▶ PROBLEM STATEMENT
Please write the following entries out once more, exactly.

# # # # #

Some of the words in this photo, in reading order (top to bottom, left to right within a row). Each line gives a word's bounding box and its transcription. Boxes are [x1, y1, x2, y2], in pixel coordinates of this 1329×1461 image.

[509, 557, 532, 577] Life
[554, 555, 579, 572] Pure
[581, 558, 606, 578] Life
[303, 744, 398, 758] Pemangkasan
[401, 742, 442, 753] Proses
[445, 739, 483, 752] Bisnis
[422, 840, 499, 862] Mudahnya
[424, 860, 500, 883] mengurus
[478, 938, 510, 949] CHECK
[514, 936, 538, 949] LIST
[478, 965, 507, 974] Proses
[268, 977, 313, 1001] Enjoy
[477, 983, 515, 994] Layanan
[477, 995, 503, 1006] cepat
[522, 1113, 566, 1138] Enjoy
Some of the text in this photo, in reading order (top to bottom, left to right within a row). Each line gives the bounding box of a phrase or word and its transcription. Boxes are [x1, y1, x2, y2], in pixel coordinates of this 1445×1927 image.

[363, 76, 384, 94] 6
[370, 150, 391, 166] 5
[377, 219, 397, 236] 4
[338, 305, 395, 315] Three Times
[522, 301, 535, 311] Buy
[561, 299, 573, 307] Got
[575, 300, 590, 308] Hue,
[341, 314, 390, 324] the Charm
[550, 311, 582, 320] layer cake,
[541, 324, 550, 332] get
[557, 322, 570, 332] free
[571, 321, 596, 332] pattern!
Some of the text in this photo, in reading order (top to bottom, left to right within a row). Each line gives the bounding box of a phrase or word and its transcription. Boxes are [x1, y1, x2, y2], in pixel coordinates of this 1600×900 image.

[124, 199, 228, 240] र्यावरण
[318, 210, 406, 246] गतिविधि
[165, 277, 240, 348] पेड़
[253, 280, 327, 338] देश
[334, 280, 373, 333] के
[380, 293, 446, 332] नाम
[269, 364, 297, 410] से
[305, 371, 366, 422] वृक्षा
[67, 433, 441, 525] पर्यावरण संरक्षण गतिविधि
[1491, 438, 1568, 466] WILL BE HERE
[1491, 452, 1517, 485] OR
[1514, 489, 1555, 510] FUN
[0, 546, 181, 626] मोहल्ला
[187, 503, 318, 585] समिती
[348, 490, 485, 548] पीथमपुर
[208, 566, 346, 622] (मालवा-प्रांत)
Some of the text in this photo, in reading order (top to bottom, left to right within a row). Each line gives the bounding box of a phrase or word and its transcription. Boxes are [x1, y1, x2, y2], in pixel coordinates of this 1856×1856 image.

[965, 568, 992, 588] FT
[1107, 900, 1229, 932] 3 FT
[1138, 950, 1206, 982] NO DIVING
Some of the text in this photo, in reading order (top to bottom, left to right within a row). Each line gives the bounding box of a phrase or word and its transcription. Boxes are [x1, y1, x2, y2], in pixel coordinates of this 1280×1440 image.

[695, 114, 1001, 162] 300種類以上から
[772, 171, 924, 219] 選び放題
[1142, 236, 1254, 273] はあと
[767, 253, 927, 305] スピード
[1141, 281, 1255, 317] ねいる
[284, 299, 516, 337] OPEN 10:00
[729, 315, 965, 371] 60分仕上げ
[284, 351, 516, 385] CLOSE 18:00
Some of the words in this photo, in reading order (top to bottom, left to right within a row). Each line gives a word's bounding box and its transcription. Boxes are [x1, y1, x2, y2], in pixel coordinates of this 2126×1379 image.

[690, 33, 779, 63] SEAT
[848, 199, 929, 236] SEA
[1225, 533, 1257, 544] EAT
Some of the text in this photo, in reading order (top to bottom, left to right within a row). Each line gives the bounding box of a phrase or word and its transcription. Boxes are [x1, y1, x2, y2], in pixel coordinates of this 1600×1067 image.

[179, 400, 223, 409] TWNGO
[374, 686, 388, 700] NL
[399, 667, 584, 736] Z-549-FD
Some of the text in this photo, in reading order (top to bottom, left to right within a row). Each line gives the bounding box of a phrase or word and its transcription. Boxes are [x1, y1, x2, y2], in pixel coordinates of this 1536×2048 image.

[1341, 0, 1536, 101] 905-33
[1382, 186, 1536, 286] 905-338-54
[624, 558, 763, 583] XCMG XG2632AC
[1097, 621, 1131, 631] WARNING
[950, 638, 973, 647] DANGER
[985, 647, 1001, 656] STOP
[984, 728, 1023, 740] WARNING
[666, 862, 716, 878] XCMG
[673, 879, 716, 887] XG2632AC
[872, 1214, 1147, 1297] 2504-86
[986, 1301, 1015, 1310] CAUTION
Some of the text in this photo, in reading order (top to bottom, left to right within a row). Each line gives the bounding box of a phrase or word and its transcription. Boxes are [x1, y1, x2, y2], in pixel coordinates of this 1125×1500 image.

# # # # #

▶ EXPECTED ANSWER
Some of the words in this photo, in reading order (top to bottom, left to right within a row). Each line gives a word's bounding box and its transcription. Boxes are [x1, y1, x2, y2], in pixel coordinates of this 1329×1461 image.

[509, 557, 532, 577] Life
[554, 555, 579, 572] Pure
[581, 558, 606, 578] Life
[303, 744, 398, 758] Pemangkasan
[401, 742, 442, 753] Proses
[445, 739, 483, 752] Bisnis
[422, 840, 499, 862] Mudahnya
[424, 860, 500, 883] mengurus
[478, 938, 510, 949] CHECK
[514, 936, 538, 949] LIST
[478, 965, 507, 974] Proses
[268, 977, 313, 1001] Enjoy
[477, 983, 515, 994] Layanan
[477, 995, 503, 1006] cepat
[522, 1113, 566, 1138] Enjoy
Some of the text in this photo, in reading order (top to bottom, left to right within a row). Each line gives the bounding box of a phrase or word and its transcription. Boxes are [x1, y1, x2, y2], in pixel coordinates of this 1445×1927 image.

[363, 76, 384, 94] 6
[370, 150, 391, 166] 5
[377, 219, 397, 236] 4
[338, 305, 395, 315] Three Times
[522, 301, 535, 311] Buy
[561, 299, 573, 307] Got
[575, 300, 590, 308] Hue,
[341, 314, 390, 324] the Charm
[550, 311, 582, 320] layer cake,
[541, 324, 550, 332] get
[557, 322, 570, 332] free
[571, 321, 596, 332] pattern!
Some of the text in this photo, in reading order (top to bottom, left to right within a row). Each line gives the bounding box of a phrase or word and its transcription. Boxes are [x1, y1, x2, y2], in pixel coordinates of this 1600×900 image.

[124, 199, 228, 240] र्यावरण
[318, 210, 406, 246] गतिविधि
[165, 277, 240, 348] पेड़
[253, 280, 327, 338] देश
[334, 280, 373, 333] के
[380, 293, 446, 332] नाम
[269, 364, 297, 410] से
[305, 371, 366, 422] वृक्षा
[67, 433, 441, 525] पर्यावरण संरक्षण गतिविधि
[1491, 438, 1568, 466] WILL BE HERE
[1491, 452, 1517, 485] OR
[1514, 489, 1555, 510] FUN
[0, 546, 181, 626] मोहल्ला
[187, 503, 318, 585] समिती
[348, 490, 485, 548] पीथमपुर
[208, 566, 346, 622] (मालवा-प्रांत)
Some of the text in this photo, in reading order (top to bottom, left to right within a row). Each line gives the bounding box of a phrase or word and its transcription. Boxes are [x1, y1, x2, y2], in pixel coordinates of this 1856×1856 image.

[965, 568, 992, 588] FT
[1107, 900, 1229, 932] 3 FT
[1138, 950, 1206, 982] NO DIVING
Some of the text in this photo, in reading order (top to bottom, left to right within a row). Each line gives the bounding box of a phrase or word and its transcription. Boxes are [x1, y1, x2, y2], in pixel coordinates of this 1280×1440 image.

[695, 114, 1001, 162] 300種類以上から
[772, 171, 924, 219] 選び放題
[1142, 236, 1254, 273] はあと
[767, 253, 927, 305] スピード
[1141, 281, 1255, 317] ねいる
[284, 299, 516, 337] OPEN 10:00
[729, 315, 965, 371] 60分仕上げ
[284, 351, 516, 385] CLOSE 18:00
Some of the words in this photo, in reading order (top to bottom, left to right within a row). Each line gives a word's bounding box and its transcription. Boxes are [x1, y1, x2, y2], in pixel coordinates of this 2126×1379 image.

[690, 33, 779, 63] SEAT
[848, 199, 929, 236] SEA
[1225, 533, 1257, 544] EAT
Some of the text in this photo, in reading order (top to bottom, left to right within a row). Each line gives the bounding box of a phrase or word and its transcription. Boxes are [x1, y1, x2, y2], in pixel coordinates of this 1600×1067 image.

[179, 400, 223, 409] TWNGO
[374, 686, 388, 700] NL
[399, 667, 584, 736] Z-549-FD
Some of the text in this photo, in reading order (top to bottom, left to right within a row). Each line gives the bounding box of a phrase or word and its transcription. Boxes are [x1, y1, x2, y2], in pixel coordinates of this 1536×2048 image.

[1341, 0, 1536, 101] 905-33
[1382, 186, 1536, 286] 905-338-54
[624, 558, 763, 583] XCMG XG2632AC
[1097, 621, 1131, 631] WARNING
[950, 638, 973, 647] DANGER
[985, 647, 1001, 656] STOP
[984, 728, 1023, 740] WARNING
[666, 862, 716, 878] XCMG
[673, 879, 716, 887] XG2632AC
[872, 1214, 1147, 1297] 2504-86
[986, 1301, 1015, 1310] CAUTION
Some of the text in this photo, in reading order (top to bottom, left to right within a row). Each line gives the bounding box of a phrase or word and its transcription. Boxes are [x1, y1, x2, y2], in pixel coordinates of this 1125×1500 image.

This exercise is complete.